The above arguments are mere reiterations of the arguments raised by Mme. Justice Ynares-Santiago in her dissenting opinion to our Decision dated August 4, 2003, which she offers again in toto. These arguments have already been addressed in our decision dated August 4, 2003.[154] In said Decision, we noted that Mme. Justice Ynares-Santiago’s dissenting opinion dwelt more on the standards of morality, without categorically holding that religious freedom is not in issue.[155] We, therefore, went into a discussion on morality, in order to show that:

(a) The public morality expressed in the law is necessarily secular for in our constitutional order, the religion clauses prohibit the state from establishing a religion, including the morality it sanctions.[156] Thus, when the law speaks of “immorality” in the Civil Service Law or “immoral” in the Code of Professional Responsibility for lawyers,[157] or “public morals” in the Revised Penal Code,[158] or “morals” in the New Civil Code,[159] or “moral character” in the Constitution,[160] the distinction between public and secular morality on the one hand, and religious morality, on the other, should be kept in mind;[161]

(b) Although the morality contemplated by laws is secular, benevolent neutrality could allow for accommodation of morality based on religion, provided it does not offend compelling state interests;[162]

(c) The jurisdiction of the Court extends only to public and secular morality. Whatever pronouncement the Court makes in the case at bar should be understood only in this realm where it has authority.[163]

(d) Having distinguished between public and secular morality and religious morality, the more difficult task is determining which immoral acts under this public and secular morality fall under the phrase “disgraceful and immoral conduct” for which a government employee may be held administratively liable.[164] Only one conduct is in question before this Court, i.e., the conjugal arrangement of a government employee whose partner is legally married to another which Philippine law and jurisprudence consider both immoral and illegal.[165]

(e) While there is no dispute that under settled jurisprudence, respondent’s conduct constitutes “disgraceful and immoral conduct,” the case at bar involves the defense of religious freedom, therefore none of the cases cited by Mme. Justice Ynares-Santiago apply.[166] There is no jurisprudence in Philippine jurisdiction holding that the defense of religious freedom of a member of the Jehovah’s Witnesses under the same circumstances as respondent will not prevail over the laws on adultery, concubinage or some other law. We cannot summarily conclude therefore
that her conduct is likewise so “odious” and “barbaric” as to be immoral and punishable by law.[167]
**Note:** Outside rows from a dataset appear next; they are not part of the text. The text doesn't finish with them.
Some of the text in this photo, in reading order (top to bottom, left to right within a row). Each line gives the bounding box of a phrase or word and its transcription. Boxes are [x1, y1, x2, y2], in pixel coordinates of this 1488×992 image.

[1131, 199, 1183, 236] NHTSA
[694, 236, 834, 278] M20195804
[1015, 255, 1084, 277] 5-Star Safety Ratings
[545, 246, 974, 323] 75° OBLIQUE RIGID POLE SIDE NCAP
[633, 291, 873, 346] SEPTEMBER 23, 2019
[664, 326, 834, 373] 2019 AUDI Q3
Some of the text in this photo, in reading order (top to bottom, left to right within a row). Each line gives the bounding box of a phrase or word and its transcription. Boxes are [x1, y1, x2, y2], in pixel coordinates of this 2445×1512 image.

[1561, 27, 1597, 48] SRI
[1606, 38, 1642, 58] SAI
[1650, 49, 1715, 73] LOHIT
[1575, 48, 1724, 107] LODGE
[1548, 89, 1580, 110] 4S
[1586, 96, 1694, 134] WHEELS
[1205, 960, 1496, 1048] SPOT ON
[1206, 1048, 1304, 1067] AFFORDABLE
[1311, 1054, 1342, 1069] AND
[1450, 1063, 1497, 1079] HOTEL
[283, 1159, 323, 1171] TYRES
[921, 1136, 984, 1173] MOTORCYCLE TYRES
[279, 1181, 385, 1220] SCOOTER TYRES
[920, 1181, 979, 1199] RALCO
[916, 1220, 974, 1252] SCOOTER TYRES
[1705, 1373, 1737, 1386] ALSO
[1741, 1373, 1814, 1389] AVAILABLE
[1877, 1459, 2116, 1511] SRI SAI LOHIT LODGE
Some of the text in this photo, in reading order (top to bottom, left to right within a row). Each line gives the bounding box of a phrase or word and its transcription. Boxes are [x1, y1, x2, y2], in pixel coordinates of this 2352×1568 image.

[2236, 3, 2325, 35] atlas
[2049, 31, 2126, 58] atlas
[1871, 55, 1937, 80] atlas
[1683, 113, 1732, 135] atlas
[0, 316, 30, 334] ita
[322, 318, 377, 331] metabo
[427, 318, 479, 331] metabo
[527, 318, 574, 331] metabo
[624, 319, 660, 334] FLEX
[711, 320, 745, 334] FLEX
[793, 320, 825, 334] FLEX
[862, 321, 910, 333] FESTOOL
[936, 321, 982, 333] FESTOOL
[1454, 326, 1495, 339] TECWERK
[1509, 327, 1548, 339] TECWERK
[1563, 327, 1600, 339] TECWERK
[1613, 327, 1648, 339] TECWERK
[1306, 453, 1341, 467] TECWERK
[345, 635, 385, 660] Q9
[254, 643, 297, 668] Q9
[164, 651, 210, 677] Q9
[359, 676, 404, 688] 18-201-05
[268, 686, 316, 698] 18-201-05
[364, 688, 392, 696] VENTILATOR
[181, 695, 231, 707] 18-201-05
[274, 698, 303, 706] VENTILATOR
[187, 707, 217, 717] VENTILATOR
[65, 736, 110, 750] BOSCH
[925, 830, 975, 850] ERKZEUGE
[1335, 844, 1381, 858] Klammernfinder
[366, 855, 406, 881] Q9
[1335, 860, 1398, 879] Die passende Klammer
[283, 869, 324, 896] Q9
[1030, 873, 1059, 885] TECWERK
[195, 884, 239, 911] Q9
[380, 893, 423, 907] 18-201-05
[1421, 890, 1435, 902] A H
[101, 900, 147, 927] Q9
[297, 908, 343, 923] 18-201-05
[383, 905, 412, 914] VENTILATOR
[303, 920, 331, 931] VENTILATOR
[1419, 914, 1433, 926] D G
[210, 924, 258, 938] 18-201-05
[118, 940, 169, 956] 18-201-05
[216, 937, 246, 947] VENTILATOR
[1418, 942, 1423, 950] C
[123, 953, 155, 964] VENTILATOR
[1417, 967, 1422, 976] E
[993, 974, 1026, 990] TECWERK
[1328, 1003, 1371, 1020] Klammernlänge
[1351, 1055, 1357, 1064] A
Again, we note the arguments raised by Mr. Justice Carpio with respect to charging respondent with conduct prejudicial to the best interest of the service, and we reiterate that the dissent offends due process as respondent was not given an opportunity to defend herself against the charge of “conduct prejudicial to the best interest of the service.” Indeed, there is no evidence of the alleged prejudice to the best interest of the service.[168]

Mr. Justice Carpio’s slippery slope argument, on the other hand, is non-sequitur. If the Court grants respondent exemption from the laws which respondent Escritor has been charged to have violated, the exemption would not apply to Catholics who have secured church annulment of their marriage even without a final annulment from a civil court. First, unlike Jehovah’s Witnesses, the Catholic faith considers cohabitation without marriage as immoral. Second, but more important, the Jehovah’s Witnesses have standards and procedures which must be followed before cohabitation without marriage is given the blessing of the congregation. This includes an investigative process whereby the elders of the congregation verify the circumstances of the declarants. Also, the Declaration is not a blanket authority to cohabit without marriage because once all legal impediments for the couple are lifted, the validity of the Declaration ceases, and the congregation requires that the couple legalize their union.

At bottom, the slippery slope argument of Mr. Justice Carpio is speculative. Nevertheless, insofar as he raises the issue of equality among religions, we look to the words of the Religion Clauses, which clearly single out religion for both a benefit and a burden: “No law shall be made respecting an establishment of religion, or prohibiting the free exercise thereof…” On its face, the language grants a unique advantage to religious conduct, protecting it from governmental imposition; and imposes a unique disadvantage, preventing the government from supporting it. To understand this as a provision which puts religion on an equal footing with other bases for action seems to be a curious reading. There are no “free exercise” of “establishment” provisions for science, sports, philosophy, or family relations. The language itself thus seems to answer whether we have a paradigm of equality or liberty; the language of the Clause is clearly in the form of a grant of liberty. [169]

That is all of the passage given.